* [WHAT YOU ARE ASKED TO DO]:
Print every line of the listing exactly, please.

* [DATASET ENTRIES]:

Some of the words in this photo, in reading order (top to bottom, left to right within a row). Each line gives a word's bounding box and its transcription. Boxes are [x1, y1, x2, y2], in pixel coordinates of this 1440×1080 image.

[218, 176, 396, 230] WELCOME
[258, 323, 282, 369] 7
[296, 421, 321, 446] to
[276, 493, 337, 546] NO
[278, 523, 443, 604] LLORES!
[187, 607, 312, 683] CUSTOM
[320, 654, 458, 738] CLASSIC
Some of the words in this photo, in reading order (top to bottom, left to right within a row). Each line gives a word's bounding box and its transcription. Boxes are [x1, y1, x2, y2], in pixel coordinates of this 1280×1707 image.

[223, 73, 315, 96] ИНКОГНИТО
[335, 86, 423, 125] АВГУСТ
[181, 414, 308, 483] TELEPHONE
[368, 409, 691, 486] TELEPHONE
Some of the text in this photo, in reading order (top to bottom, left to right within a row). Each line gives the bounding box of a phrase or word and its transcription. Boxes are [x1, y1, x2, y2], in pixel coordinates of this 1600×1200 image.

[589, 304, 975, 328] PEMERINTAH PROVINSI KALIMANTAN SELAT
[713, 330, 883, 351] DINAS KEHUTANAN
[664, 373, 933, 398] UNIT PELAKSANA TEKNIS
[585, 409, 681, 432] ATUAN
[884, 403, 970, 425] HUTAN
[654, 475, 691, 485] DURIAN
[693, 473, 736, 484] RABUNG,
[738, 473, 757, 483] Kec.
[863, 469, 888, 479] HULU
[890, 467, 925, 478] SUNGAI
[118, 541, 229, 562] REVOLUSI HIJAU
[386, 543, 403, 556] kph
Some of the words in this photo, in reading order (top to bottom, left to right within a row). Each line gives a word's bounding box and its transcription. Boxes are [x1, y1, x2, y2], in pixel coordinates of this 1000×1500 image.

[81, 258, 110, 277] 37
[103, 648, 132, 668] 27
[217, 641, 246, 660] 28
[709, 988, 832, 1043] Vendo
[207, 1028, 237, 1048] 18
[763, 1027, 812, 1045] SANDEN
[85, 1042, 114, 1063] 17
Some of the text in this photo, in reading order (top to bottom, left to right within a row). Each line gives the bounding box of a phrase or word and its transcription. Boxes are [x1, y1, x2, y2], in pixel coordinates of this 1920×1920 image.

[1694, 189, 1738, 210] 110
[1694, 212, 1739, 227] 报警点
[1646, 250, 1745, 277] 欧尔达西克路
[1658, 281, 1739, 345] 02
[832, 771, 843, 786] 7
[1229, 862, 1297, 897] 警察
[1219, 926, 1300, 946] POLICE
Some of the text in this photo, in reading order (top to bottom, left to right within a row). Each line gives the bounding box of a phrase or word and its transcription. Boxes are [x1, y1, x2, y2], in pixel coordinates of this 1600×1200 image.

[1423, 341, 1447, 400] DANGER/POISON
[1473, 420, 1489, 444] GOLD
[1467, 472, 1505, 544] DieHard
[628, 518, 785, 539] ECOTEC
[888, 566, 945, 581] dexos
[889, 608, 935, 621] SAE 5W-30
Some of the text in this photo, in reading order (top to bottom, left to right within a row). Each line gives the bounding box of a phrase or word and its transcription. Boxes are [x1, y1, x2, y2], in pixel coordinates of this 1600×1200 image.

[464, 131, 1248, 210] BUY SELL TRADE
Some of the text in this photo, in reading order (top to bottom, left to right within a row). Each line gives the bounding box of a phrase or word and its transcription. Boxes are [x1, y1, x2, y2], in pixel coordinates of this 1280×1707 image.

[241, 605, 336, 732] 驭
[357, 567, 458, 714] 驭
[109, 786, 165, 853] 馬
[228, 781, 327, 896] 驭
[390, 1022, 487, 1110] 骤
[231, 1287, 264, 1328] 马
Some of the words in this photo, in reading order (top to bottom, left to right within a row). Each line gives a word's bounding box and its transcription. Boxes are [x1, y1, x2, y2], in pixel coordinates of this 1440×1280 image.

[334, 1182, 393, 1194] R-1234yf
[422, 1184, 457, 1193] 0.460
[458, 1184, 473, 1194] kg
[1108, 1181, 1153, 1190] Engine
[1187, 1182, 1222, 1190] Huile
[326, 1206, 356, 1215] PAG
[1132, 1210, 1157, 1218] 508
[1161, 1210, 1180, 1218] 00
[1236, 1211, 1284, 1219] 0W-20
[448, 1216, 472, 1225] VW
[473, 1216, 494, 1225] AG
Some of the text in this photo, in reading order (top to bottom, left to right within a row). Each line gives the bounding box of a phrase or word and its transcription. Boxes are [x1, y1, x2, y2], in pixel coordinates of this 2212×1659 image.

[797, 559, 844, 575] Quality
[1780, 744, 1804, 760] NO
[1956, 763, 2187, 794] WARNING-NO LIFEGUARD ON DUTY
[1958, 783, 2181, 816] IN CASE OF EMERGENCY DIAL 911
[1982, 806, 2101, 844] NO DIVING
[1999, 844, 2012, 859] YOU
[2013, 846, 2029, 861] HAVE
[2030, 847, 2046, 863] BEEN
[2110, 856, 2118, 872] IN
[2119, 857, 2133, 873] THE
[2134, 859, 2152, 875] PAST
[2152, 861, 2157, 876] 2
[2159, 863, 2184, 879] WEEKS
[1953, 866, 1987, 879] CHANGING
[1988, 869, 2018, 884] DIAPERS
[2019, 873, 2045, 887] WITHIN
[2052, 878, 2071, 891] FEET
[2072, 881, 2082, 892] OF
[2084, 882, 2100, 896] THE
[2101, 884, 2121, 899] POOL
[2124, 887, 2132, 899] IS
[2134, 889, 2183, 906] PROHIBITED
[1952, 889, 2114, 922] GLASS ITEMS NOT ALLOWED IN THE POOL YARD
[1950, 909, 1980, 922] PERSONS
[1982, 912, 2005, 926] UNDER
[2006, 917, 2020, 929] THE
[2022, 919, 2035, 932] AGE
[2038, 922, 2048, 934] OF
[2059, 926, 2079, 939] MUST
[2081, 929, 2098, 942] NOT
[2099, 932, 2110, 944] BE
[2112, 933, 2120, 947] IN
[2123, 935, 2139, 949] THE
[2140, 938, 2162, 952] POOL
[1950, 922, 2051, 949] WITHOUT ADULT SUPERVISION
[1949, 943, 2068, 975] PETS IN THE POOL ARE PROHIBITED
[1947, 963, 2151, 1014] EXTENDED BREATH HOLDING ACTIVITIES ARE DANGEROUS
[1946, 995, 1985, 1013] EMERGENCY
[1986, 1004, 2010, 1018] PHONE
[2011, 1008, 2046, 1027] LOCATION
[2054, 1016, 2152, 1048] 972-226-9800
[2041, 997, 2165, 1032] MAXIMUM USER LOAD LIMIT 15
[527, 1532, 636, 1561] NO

* [OUTPUT FOR THIS EXERCISE]:
Some of the words in this photo, in reading order (top to bottom, left to right within a row). Each line gives a word's bounding box and its transcription. Boxes are [x1, y1, x2, y2], in pixel coordinates of this 1440×1080 image.

[218, 176, 396, 230] WELCOME
[258, 323, 282, 369] 7
[296, 421, 321, 446] to
[276, 493, 337, 546] NO
[278, 523, 443, 604] LLORES!
[187, 607, 312, 683] CUSTOM
[320, 654, 458, 738] CLASSIC
Some of the words in this photo, in reading order (top to bottom, left to right within a row). Each line gives a word's bounding box and its transcription. Boxes are [x1, y1, x2, y2], in pixel coordinates of this 1280×1707 image.

[223, 73, 315, 96] ИНКОГНИТО
[335, 86, 423, 125] АВГУСТ
[181, 414, 308, 483] TELEPHONE
[368, 409, 691, 486] TELEPHONE
Some of the text in this photo, in reading order (top to bottom, left to right within a row). Each line gives the bounding box of a phrase or word and its transcription. Boxes are [x1, y1, x2, y2], in pixel coordinates of this 1600×1200 image.

[589, 304, 975, 328] PEMERINTAH PROVINSI KALIMANTAN SELAT
[713, 330, 883, 351] DINAS KEHUTANAN
[664, 373, 933, 398] UNIT PELAKSANA TEKNIS
[585, 409, 681, 432] ATUAN
[884, 403, 970, 425] HUTAN
[654, 475, 691, 485] DURIAN
[693, 473, 736, 484] RABUNG,
[738, 473, 757, 483] Kec.
[863, 469, 888, 479] HULU
[890, 467, 925, 478] SUNGAI
[118, 541, 229, 562] REVOLUSI HIJAU
[386, 543, 403, 556] kph
Some of the words in this photo, in reading order (top to bottom, left to right within a row). Each line gives a word's bounding box and its transcription. Boxes are [x1, y1, x2, y2], in pixel coordinates of this 1000×1500 image.

[81, 258, 110, 277] 37
[103, 648, 132, 668] 27
[217, 641, 246, 660] 28
[709, 988, 832, 1043] Vendo
[207, 1028, 237, 1048] 18
[763, 1027, 812, 1045] SANDEN
[85, 1042, 114, 1063] 17
Some of the text in this photo, in reading order (top to bottom, left to right within a row). Each line gives the bounding box of a phrase or word and its transcription. Boxes are [x1, y1, x2, y2], in pixel coordinates of this 1920×1920 image.

[1694, 189, 1738, 210] 110
[1694, 212, 1739, 227] 报警点
[1646, 250, 1745, 277] 欧尔达西克路
[1658, 281, 1739, 345] 02
[832, 771, 843, 786] 7
[1229, 862, 1297, 897] 警察
[1219, 926, 1300, 946] POLICE
Some of the text in this photo, in reading order (top to bottom, left to right within a row). Each line gives the bounding box of a phrase or word and its transcription. Boxes are [x1, y1, x2, y2], in pixel coordinates of this 1600×1200 image.

[1423, 341, 1447, 400] DANGER/POISON
[1473, 420, 1489, 444] GOLD
[1467, 472, 1505, 544] DieHard
[628, 518, 785, 539] ECOTEC
[888, 566, 945, 581] dexos
[889, 608, 935, 621] SAE 5W-30
Some of the text in this photo, in reading order (top to bottom, left to right within a row). Each line gives the bounding box of a phrase or word and its transcription. Boxes are [x1, y1, x2, y2], in pixel coordinates of this 1600×1200 image.

[464, 131, 1248, 210] BUY SELL TRADE
Some of the text in this photo, in reading order (top to bottom, left to right within a row). Each line gives the bounding box of a phrase or word and its transcription. Boxes are [x1, y1, x2, y2], in pixel coordinates of this 1280×1707 image.

[241, 605, 336, 732] 驭
[357, 567, 458, 714] 驭
[109, 786, 165, 853] 馬
[228, 781, 327, 896] 驭
[390, 1022, 487, 1110] 骤
[231, 1287, 264, 1328] 马
Some of the words in this photo, in reading order (top to bottom, left to right within a row). Each line gives a word's bounding box and its transcription. Boxes are [x1, y1, x2, y2], in pixel coordinates of this 1440×1280 image.

[334, 1182, 393, 1194] R-1234yf
[422, 1184, 457, 1193] 0.460
[458, 1184, 473, 1194] kg
[1108, 1181, 1153, 1190] Engine
[1187, 1182, 1222, 1190] Huile
[326, 1206, 356, 1215] PAG
[1132, 1210, 1157, 1218] 508
[1161, 1210, 1180, 1218] 00
[1236, 1211, 1284, 1219] 0W-20
[448, 1216, 472, 1225] VW
[473, 1216, 494, 1225] AG
Some of the text in this photo, in reading order (top to bottom, left to right within a row). Each line gives the bounding box of a phrase or word and its transcription. Boxes are [x1, y1, x2, y2], in pixel coordinates of this 2212×1659 image.

[797, 559, 844, 575] Quality
[1780, 744, 1804, 760] NO
[1956, 763, 2187, 794] WARNING-NO LIFEGUARD ON DUTY
[1958, 783, 2181, 816] IN CASE OF EMERGENCY DIAL 911
[1982, 806, 2101, 844] NO DIVING
[1999, 844, 2012, 859] YOU
[2013, 846, 2029, 861] HAVE
[2030, 847, 2046, 863] BEEN
[2110, 856, 2118, 872] IN
[2119, 857, 2133, 873] THE
[2134, 859, 2152, 875] PAST
[2152, 861, 2157, 876] 2
[2159, 863, 2184, 879] WEEKS
[1953, 866, 1987, 879] CHANGING
[1988, 869, 2018, 884] DIAPERS
[2019, 873, 2045, 887] WITHIN
[2052, 878, 2071, 891] FEET
[2072, 881, 2082, 892] OF
[2084, 882, 2100, 896] THE
[2101, 884, 2121, 899] POOL
[2124, 887, 2132, 899] IS
[2134, 889, 2183, 906] PROHIBITED
[1952, 889, 2114, 922] GLASS ITEMS NOT ALLOWED IN THE POOL YARD
[1950, 909, 1980, 922] PERSONS
[1982, 912, 2005, 926] UNDER
[2006, 917, 2020, 929] THE
[2022, 919, 2035, 932] AGE
[2038, 922, 2048, 934] OF
[2059, 926, 2079, 939] MUST
[2081, 929, 2098, 942] NOT
[2099, 932, 2110, 944] BE
[2112, 933, 2120, 947] IN
[2123, 935, 2139, 949] THE
[2140, 938, 2162, 952] POOL
[1950, 922, 2051, 949] WITHOUT ADULT SUPERVISION
[1949, 943, 2068, 975] PETS IN THE POOL ARE PROHIBITED
[1947, 963, 2151, 1014] EXTENDED BREATH HOLDING ACTIVITIES ARE DANGEROUS
[1946, 995, 1985, 1013] EMERGENCY
[1986, 1004, 2010, 1018] PHONE
[2011, 1008, 2046, 1027] LOCATION
[2054, 1016, 2152, 1048] 972-226-9800
[2041, 997, 2165, 1032] MAXIMUM USER LOAD LIMIT 15
[527, 1532, 636, 1561] NO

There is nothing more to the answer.